The reply should repeat all of the data word for word, with no pictures.
-- TASK DATA follows --
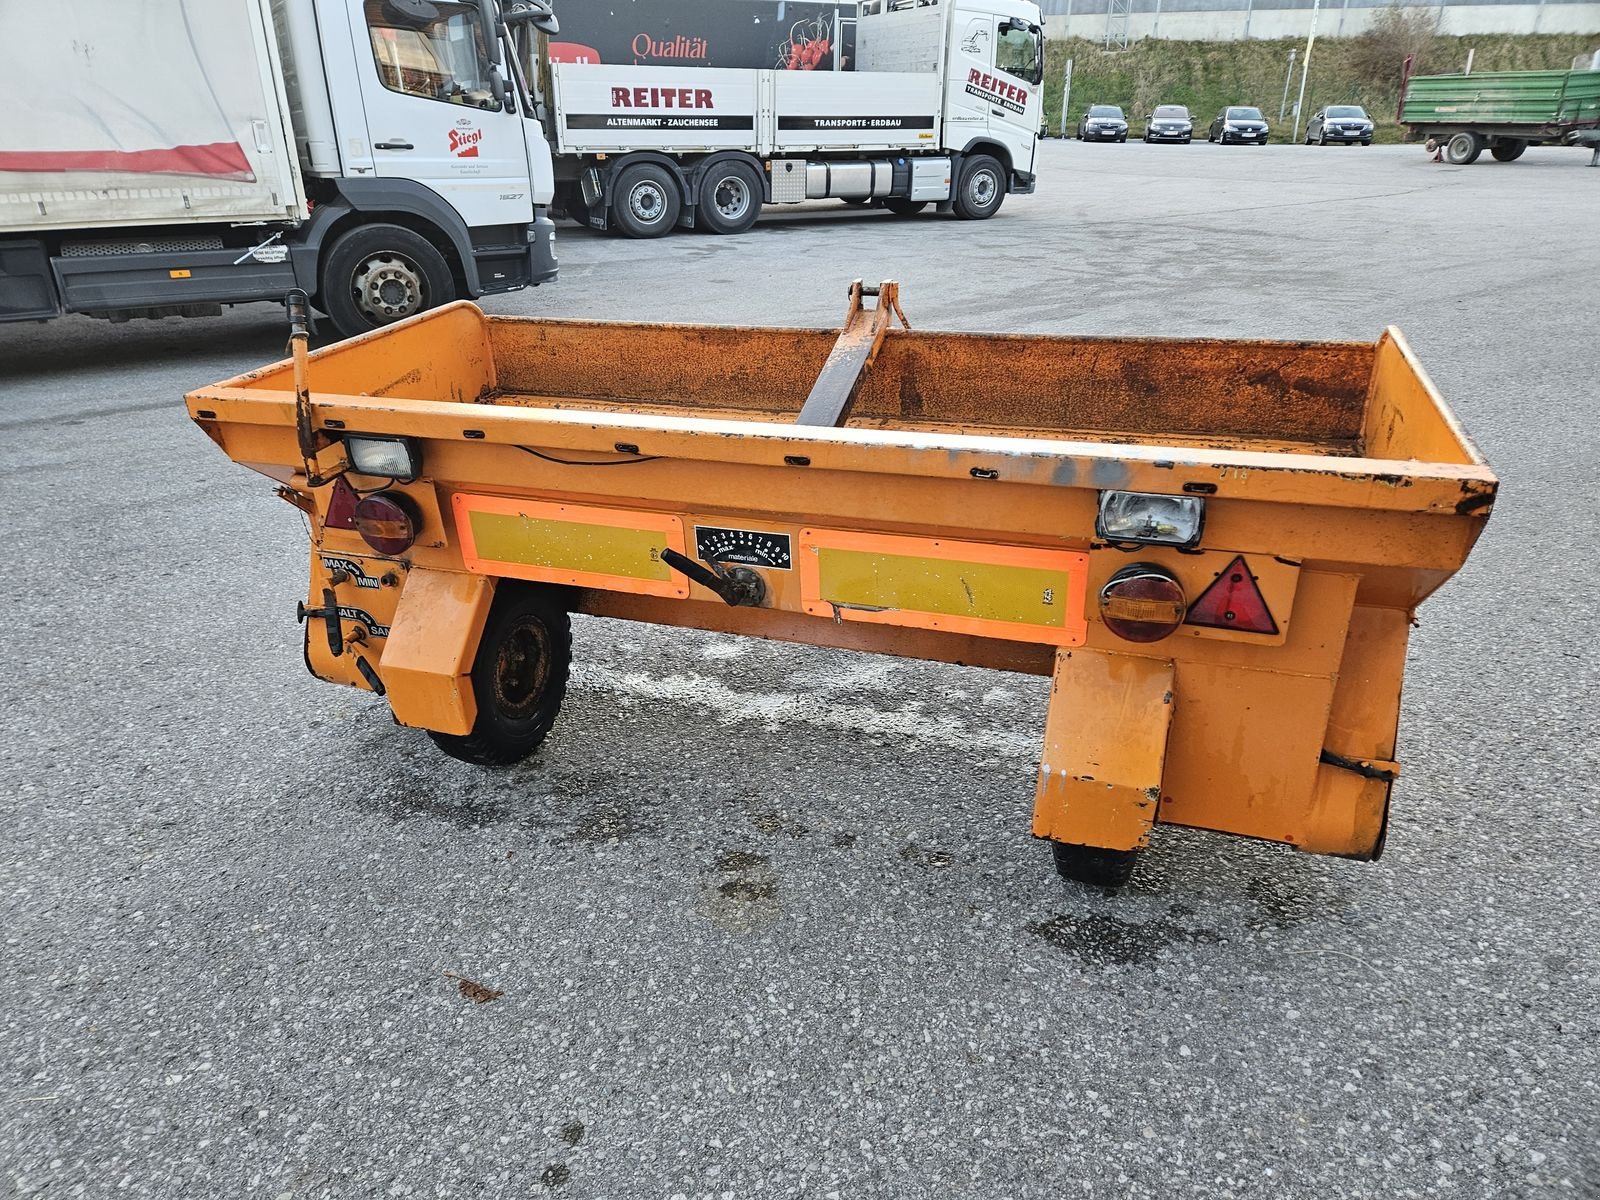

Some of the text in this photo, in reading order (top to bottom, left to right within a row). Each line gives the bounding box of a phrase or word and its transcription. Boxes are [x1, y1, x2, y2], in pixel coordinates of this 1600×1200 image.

[632, 33, 708, 60] Qualität
[968, 68, 1028, 106] REITER
[611, 87, 714, 109] REITER
[966, 85, 1024, 114] TRANSPORTE ERDBAU
[606, 118, 662, 126] ALTENMARKT
[667, 118, 719, 127] ZAUCHENSEE
[871, 119, 902, 127] ERDBAU
[448, 128, 483, 152] Stiegl
[718, 545, 768, 559] max min
[782, 553, 789, 561] 10
[728, 554, 758, 562] materiale
[324, 558, 349, 570] MAX
[357, 577, 379, 588] MIN
[338, 608, 358, 618] ALT
[370, 626, 391, 636] SAN
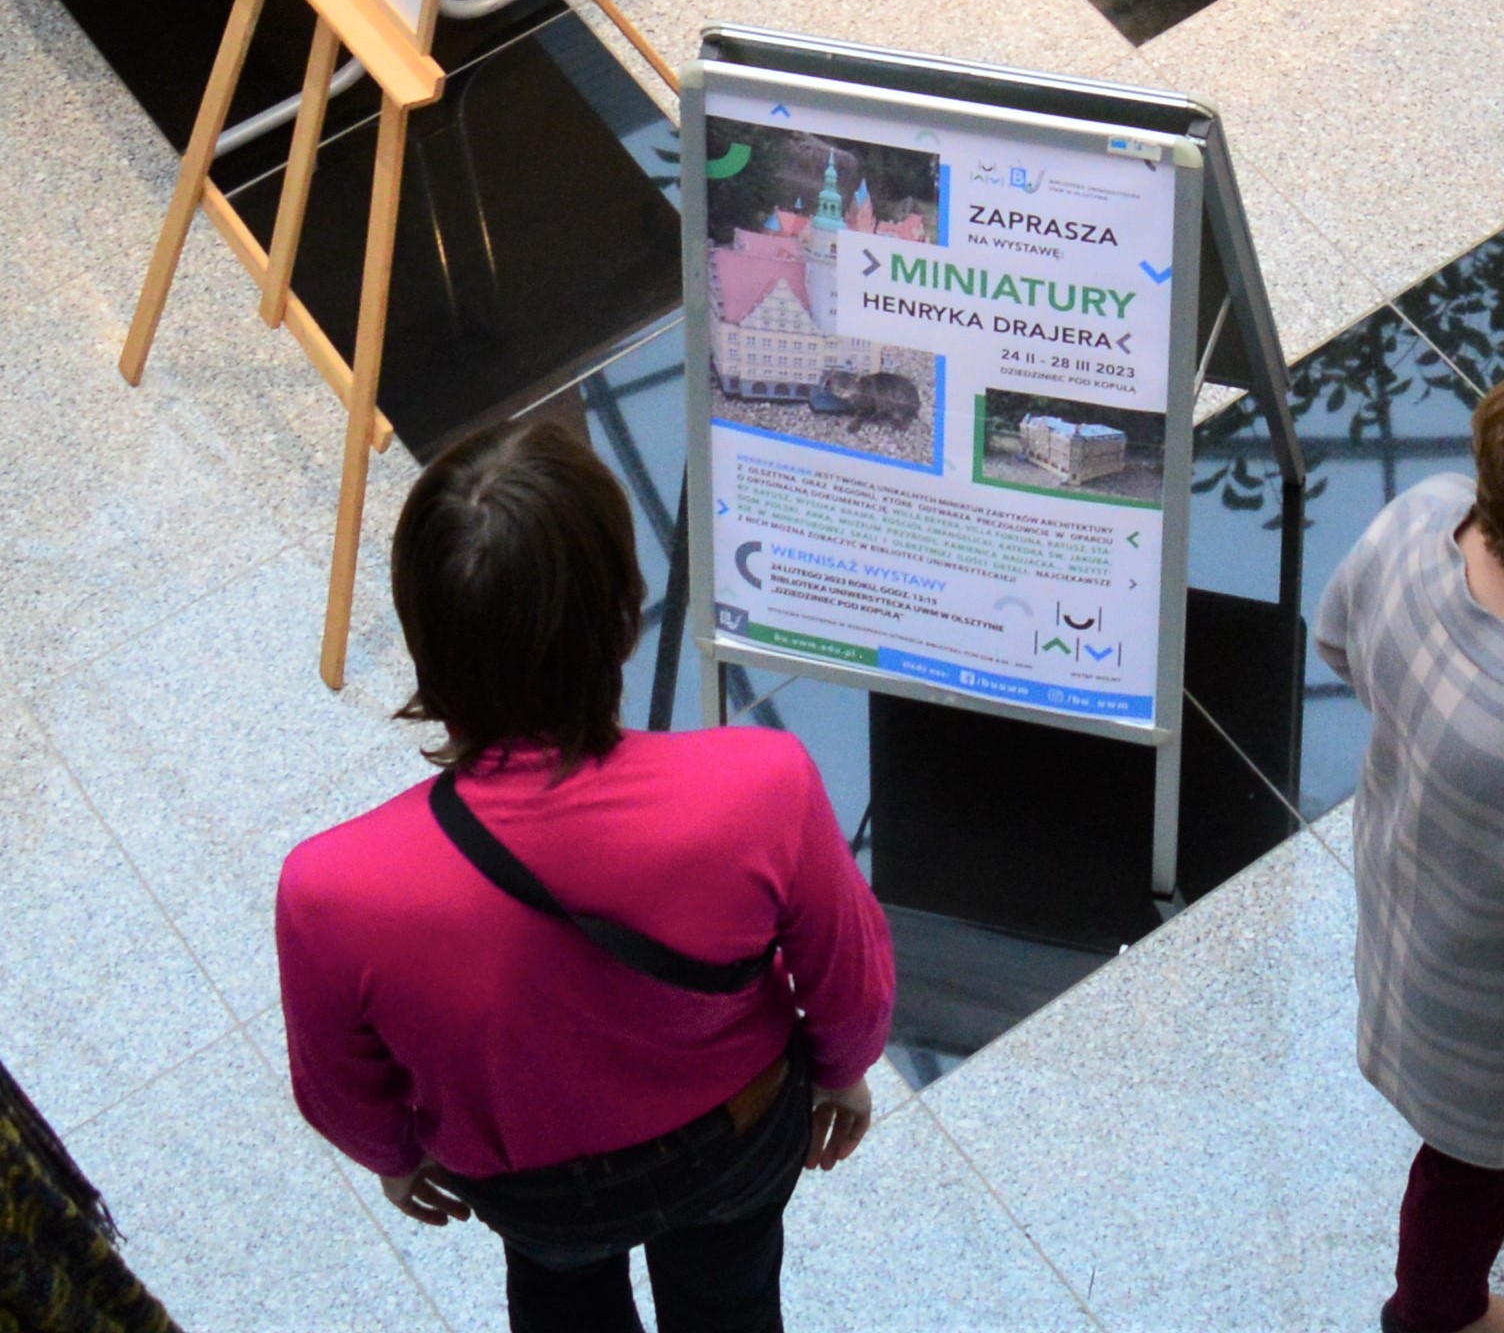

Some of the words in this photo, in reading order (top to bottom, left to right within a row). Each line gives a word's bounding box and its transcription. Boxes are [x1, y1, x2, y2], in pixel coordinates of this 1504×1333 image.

[968, 204, 1119, 247] ZAPRASZA
[968, 233, 988, 246] NA
[991, 237, 1064, 260] WYSTAWĘ:
[890, 253, 1135, 320] MINIATURY
[862, 291, 983, 330] HENRYKA
[993, 314, 1112, 351] DRAJERA
[1000, 347, 1020, 362] 24
[1025, 352, 1034, 364] II
[1051, 355, 1069, 369] 28
[1075, 359, 1090, 372] III
[1095, 361, 1135, 379] 2023
[1000, 365, 1065, 384] DZIEDZINIEC
[1067, 375, 1091, 387] POD
[1093, 379, 1137, 395] KOPUŁĄ
[770, 543, 857, 572] WERNISAŻ
[862, 564, 946, 593] WYSTAWY
[770, 562, 782, 572] 24
[782, 565, 822, 580] LUTEGO
[823, 573, 846, 585] 2023
[769, 573, 827, 593] BIBLIOTEKA
[828, 585, 911, 611] UNIWERSYTECKA
[912, 604, 938, 617] UWM
[938, 612, 949, 621] W
[950, 614, 1004, 633] OLSZTYNIE
[837, 599, 858, 611] POD
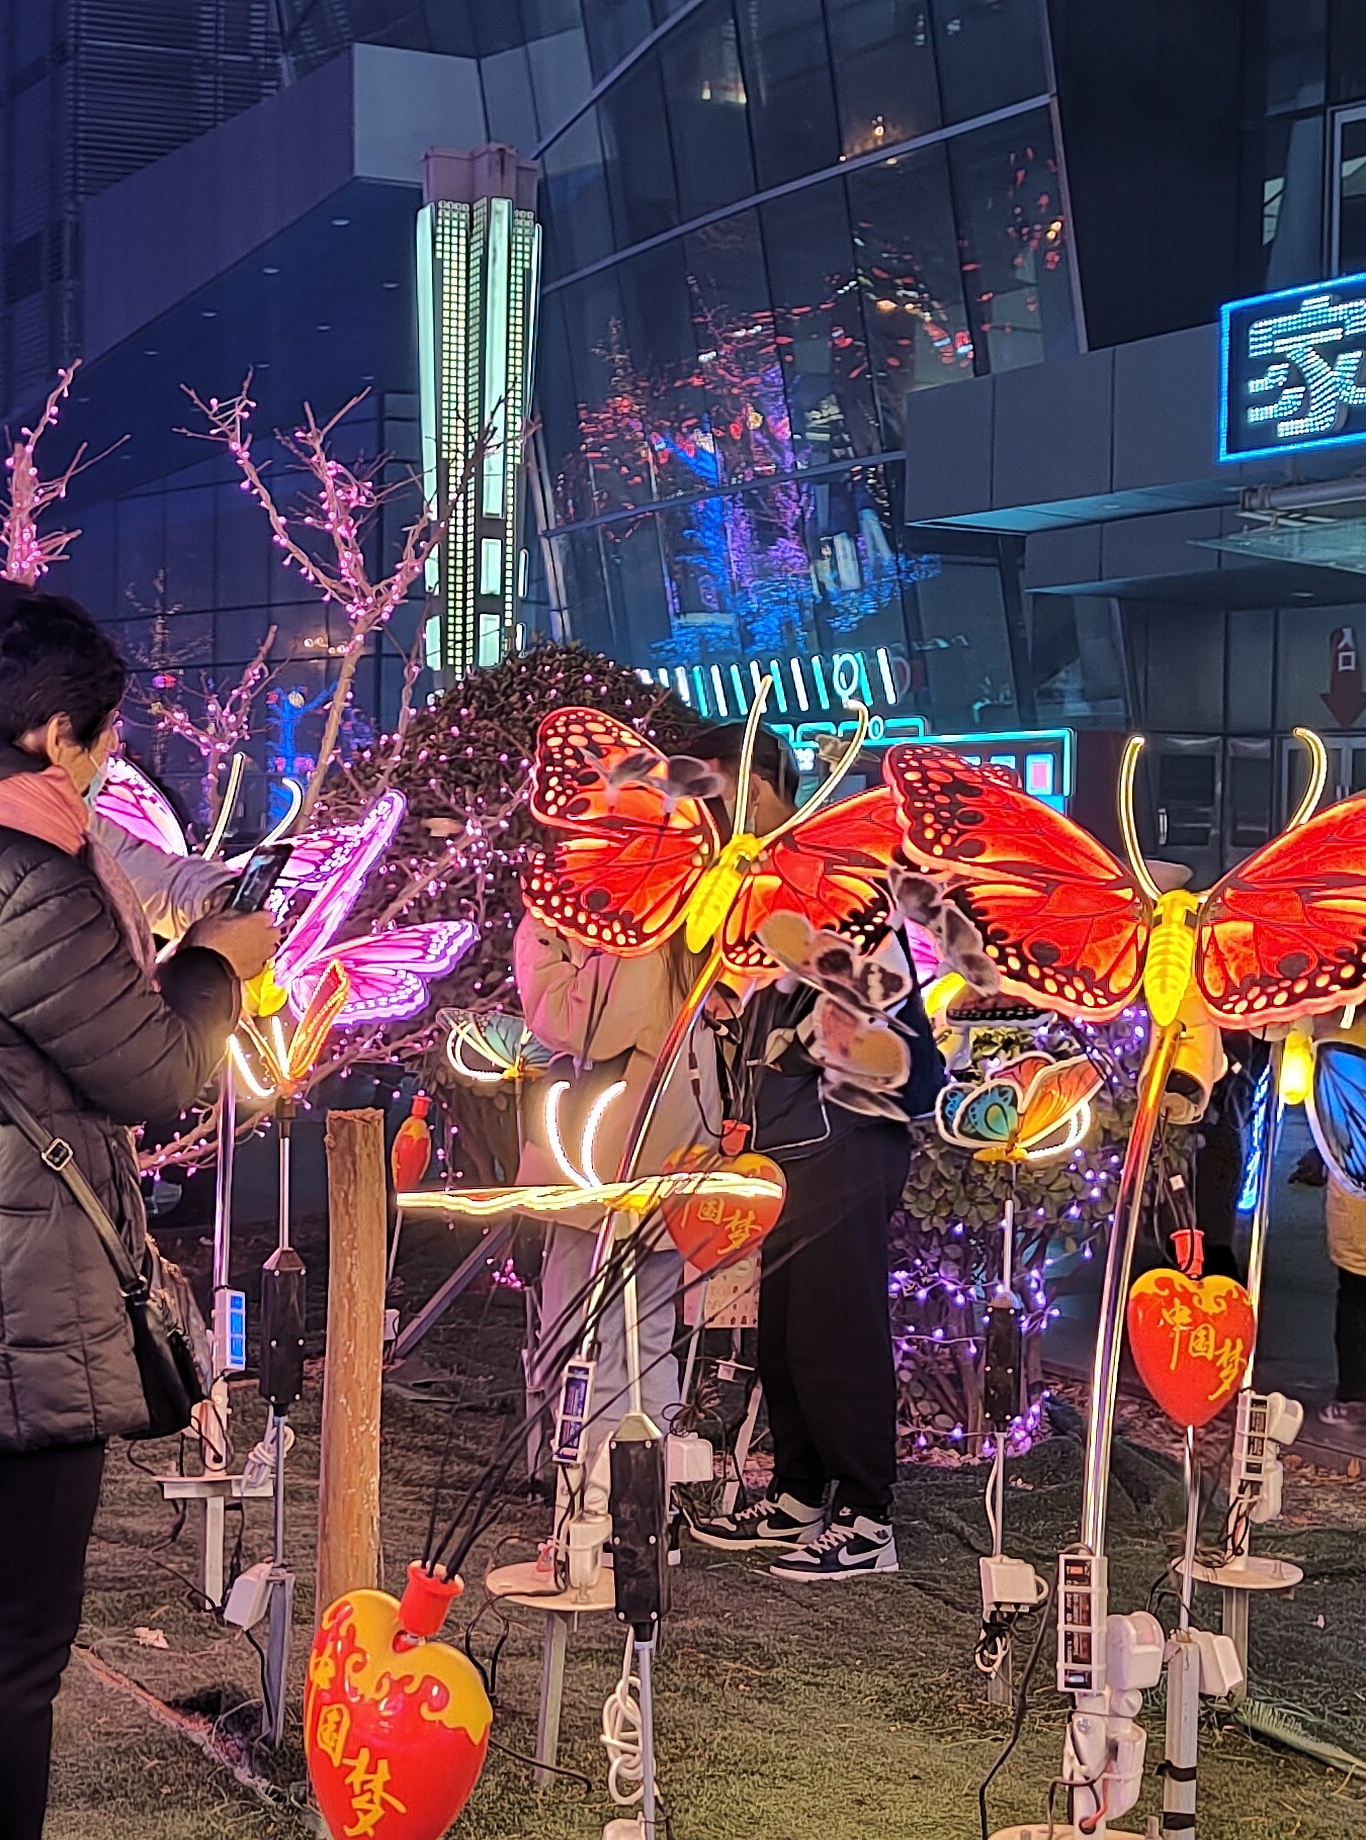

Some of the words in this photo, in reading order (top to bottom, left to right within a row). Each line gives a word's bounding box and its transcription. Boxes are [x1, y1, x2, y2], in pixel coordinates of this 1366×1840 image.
-- TASK DATA concluded --
• [SOLUTION TO THIS PROBLEM]:
Some of the text in this photo, in reading order (top to bottom, left to right within a row). Each line gives the bounding box of a phrase or word and its transcription. Boxes are [x1, y1, x2, y2], in pixel coordinates of this 1600×1200 image.

[632, 33, 708, 60] Qualität
[968, 68, 1028, 106] REITER
[611, 87, 714, 109] REITER
[966, 85, 1024, 114] TRANSPORTE ERDBAU
[606, 118, 662, 126] ALTENMARKT
[667, 118, 719, 127] ZAUCHENSEE
[871, 119, 902, 127] ERDBAU
[448, 128, 483, 152] Stiegl
[718, 545, 768, 559] max min
[782, 553, 789, 561] 10
[728, 554, 758, 562] materiale
[324, 558, 349, 570] MAX
[357, 577, 379, 588] MIN
[338, 608, 358, 618] ALT
[370, 626, 391, 636] SAN

Some of the words in this photo, in reading order (top to bottom, left to right within a row). Each line gives a word's bounding box and its transcription. Boxes are [x1, y1, x2, y2], in pixel coordinates of this 1504×1333 image.

[968, 204, 1119, 247] ZAPRASZA
[968, 233, 988, 246] NA
[991, 237, 1064, 260] WYSTAWĘ:
[890, 253, 1135, 320] MINIATURY
[862, 291, 983, 330] HENRYKA
[993, 314, 1112, 351] DRAJERA
[1000, 347, 1020, 362] 24
[1025, 352, 1034, 364] II
[1051, 355, 1069, 369] 28
[1075, 359, 1090, 372] III
[1095, 361, 1135, 379] 2023
[1000, 365, 1065, 384] DZIEDZINIEC
[1067, 375, 1091, 387] POD
[1093, 379, 1137, 395] KOPUŁĄ
[770, 543, 857, 572] WERNISAŻ
[862, 564, 946, 593] WYSTAWY
[770, 562, 782, 572] 24
[782, 565, 822, 580] LUTEGO
[823, 573, 846, 585] 2023
[769, 573, 827, 593] BIBLIOTEKA
[828, 585, 911, 611] UNIWERSYTECKA
[912, 604, 938, 617] UWM
[938, 612, 949, 621] W
[950, 614, 1004, 633] OLSZTYNIE
[837, 599, 858, 611] POD

Some of the words in this photo, in reading order (top to bottom, left to right within a row). Each line gives a word's bounding box and its transcription. Boxes are [x1, y1, x2, y2], in pixel coordinates of this 1366×1840 image.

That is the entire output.